財産の認知症対策を考える親御さんやご家族を対象とした書籍です。
認知症になって判断能力がなくなり、ご本人では財産管理ができなくなると、通常は成年後見人をつけて、成年後見人が財産管理を行います。ところが、成年後見制度では色々な制約があり、次の様な声が聞こえてきます。
「空き家となった自宅が売れない。維持管理が大変。」
「相続税対策ができない。」
「親族が後見人になれなかった。申し立てたことを後悔。」
「専門職後見人の報酬で財産が目減りしていく。」
成年後見制度は、ご本人のためにご本人の財産を守る制度ですので、資産を活用したり、将来の相続人のために相続税対策をしたりすることはできないのです。

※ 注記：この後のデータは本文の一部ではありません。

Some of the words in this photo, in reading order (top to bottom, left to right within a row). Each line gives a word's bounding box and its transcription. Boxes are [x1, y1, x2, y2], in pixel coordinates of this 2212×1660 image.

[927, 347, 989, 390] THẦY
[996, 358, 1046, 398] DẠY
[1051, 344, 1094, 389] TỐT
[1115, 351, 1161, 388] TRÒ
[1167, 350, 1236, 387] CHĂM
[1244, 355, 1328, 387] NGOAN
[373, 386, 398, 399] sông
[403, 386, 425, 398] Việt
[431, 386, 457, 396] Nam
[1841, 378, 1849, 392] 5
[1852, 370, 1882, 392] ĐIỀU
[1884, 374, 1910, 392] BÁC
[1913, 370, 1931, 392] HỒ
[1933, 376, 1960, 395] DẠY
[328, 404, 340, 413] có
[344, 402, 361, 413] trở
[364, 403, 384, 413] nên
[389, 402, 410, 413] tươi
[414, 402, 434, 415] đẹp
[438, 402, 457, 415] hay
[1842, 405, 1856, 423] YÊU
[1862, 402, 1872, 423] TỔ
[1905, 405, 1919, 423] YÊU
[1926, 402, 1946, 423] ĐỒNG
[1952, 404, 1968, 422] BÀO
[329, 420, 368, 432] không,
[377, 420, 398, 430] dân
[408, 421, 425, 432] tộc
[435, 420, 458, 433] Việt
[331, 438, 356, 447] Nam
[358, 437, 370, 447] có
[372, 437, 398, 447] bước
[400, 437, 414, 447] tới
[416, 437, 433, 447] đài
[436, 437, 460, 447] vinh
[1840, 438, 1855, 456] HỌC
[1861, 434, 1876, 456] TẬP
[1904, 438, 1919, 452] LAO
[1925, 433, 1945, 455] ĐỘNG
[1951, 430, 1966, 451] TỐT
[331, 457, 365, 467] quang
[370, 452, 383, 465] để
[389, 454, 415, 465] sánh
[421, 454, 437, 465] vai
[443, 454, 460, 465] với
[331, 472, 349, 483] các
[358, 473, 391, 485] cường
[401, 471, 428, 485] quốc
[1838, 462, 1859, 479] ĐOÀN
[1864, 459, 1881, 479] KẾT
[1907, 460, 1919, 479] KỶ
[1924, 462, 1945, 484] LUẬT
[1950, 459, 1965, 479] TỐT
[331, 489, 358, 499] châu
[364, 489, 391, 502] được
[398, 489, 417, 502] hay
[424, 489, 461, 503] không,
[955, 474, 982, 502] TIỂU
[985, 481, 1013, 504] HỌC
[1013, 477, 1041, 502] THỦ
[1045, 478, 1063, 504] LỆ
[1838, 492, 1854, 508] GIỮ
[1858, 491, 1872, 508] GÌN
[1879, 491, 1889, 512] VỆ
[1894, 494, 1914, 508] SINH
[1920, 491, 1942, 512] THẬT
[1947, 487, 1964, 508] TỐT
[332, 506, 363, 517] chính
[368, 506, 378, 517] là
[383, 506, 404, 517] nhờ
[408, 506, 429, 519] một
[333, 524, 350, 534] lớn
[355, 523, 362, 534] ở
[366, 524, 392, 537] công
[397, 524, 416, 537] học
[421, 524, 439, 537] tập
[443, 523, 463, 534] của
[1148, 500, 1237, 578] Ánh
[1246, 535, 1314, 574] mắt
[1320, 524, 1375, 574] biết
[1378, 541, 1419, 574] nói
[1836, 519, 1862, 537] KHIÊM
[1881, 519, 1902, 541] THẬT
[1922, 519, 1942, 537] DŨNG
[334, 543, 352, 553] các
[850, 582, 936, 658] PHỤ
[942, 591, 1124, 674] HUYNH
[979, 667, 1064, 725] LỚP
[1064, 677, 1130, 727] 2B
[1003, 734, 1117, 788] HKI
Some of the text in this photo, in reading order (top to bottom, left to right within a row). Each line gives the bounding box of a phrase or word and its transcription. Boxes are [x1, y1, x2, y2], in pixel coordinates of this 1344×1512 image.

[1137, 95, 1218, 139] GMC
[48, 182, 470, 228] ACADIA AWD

しかし、予め家族信託を親御さんとご家族との間で組んでおけば、ご家族が親御さんの財産を管理・処分できるようになります。その結果、親御さんが認知症になっても、住まなくなった自宅を必要に応じて売却したり、不動産の組替えや建設により相続税対策を継続したり、賃貸物件の運用を柔軟に行ったりすることが可能となります。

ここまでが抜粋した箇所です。